Las autoridades de la región rusa de Briansk han informado este martes de la muerte de seis civiles y de 37 heridos a raíz de un ataque con misiles supuestamente lanzado por las Fuerzas Armadas de Ucrania sobre este territorio situado al suroeste de Moscú.
La oficina del gobernador regional, Alexander Bogomaz, ha señalado en un comunicado difundido en redes sociales que “Todos han sido llevados al hospital regional de Briansk, donde reciben atención médica”, sin aportar por ahora más detalles sobre el estado de los afectados.
En paralelo, el presidente de Ucrania, Volodimir Zelenski, ha explicado en su mensaje vespertino que las fuerzas ucranianas han golpeado “una de las principales plantas militares rusas en Briansk”, dedicada a la fabricación de componentes electrónicos y piezas para misiles.
El Estado Mayor de las Fuerzas Armadas de Ucrania ha confirmado a través de sus canales oficiales que se emplearon misiles Storm Shadow contra estas instalaciones y que se han producido “daños significativos”, en el marco de una campaña “sistemática” de Kiev destinada a “reducir” el potencial militar y económico de Moscú.
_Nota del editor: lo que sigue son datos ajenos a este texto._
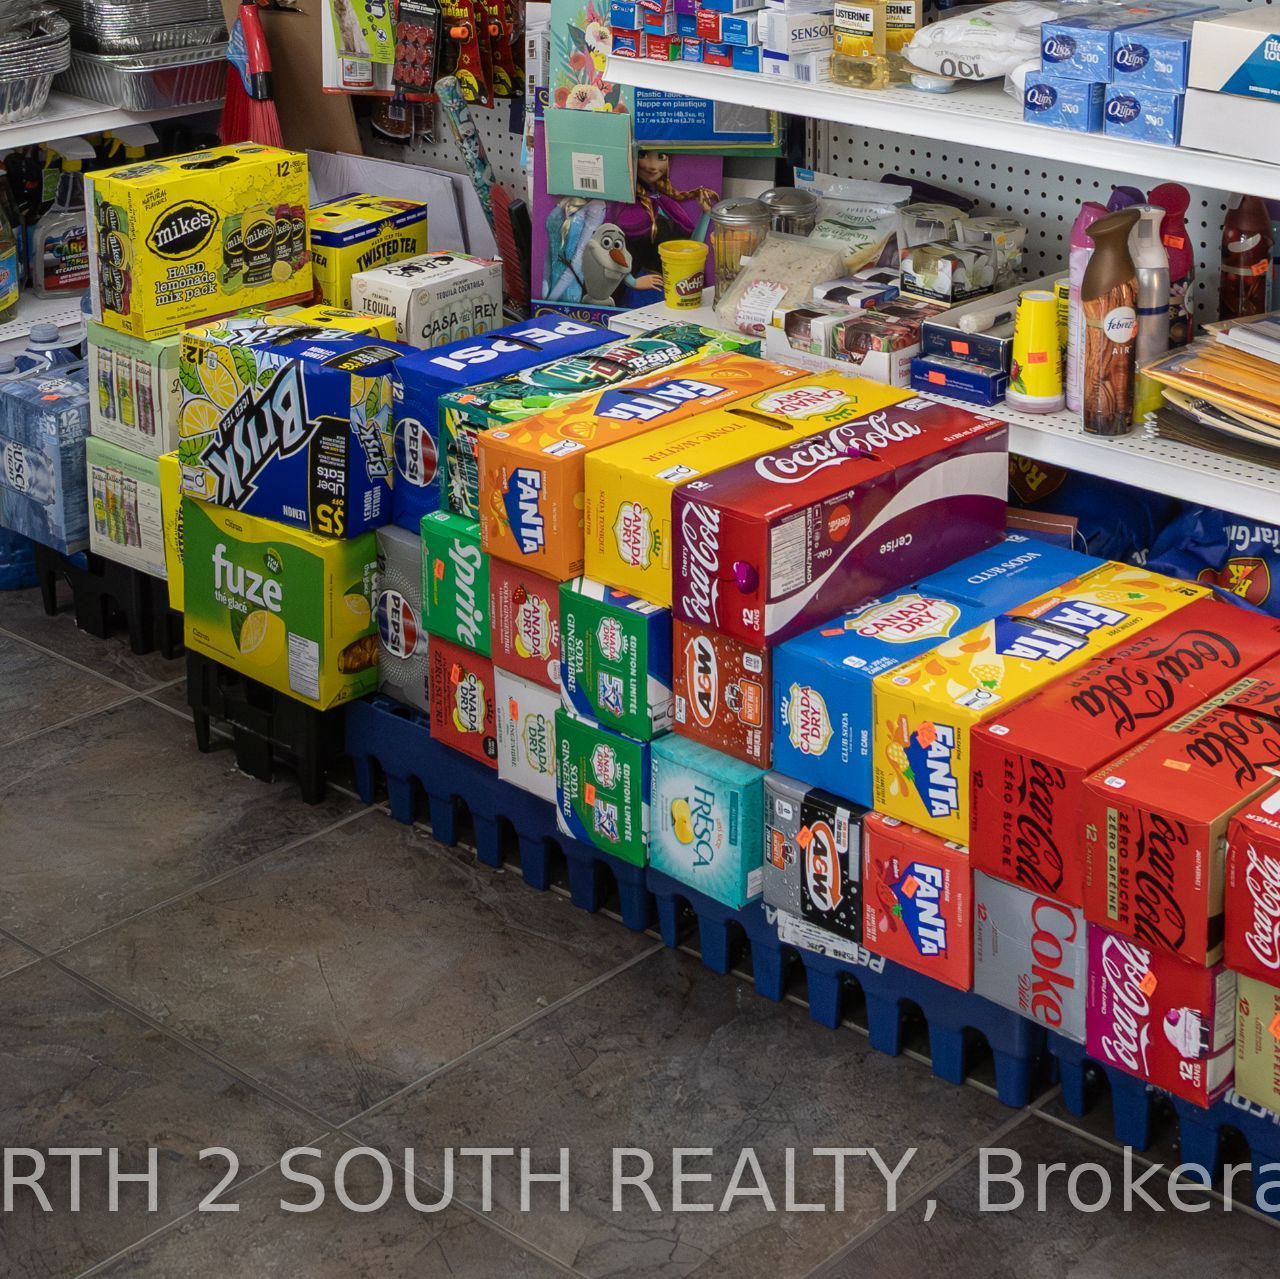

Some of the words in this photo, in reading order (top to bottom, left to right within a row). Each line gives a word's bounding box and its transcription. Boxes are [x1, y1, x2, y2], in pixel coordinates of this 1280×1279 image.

En su explicación sobre el objetivo del ataque, el mando ucraniano ha subrayado que “Kremny El es un eslabón de importancia crítica en la cadena de producción de armas rusas 'de alta precisión'. La planta se especializa en dispositivos semiconductores discretos y microchips integrados, que sirven como los 'cerebros' y el 'sistema nervioso' de armas modernas, incluidos los misiles Iskander”.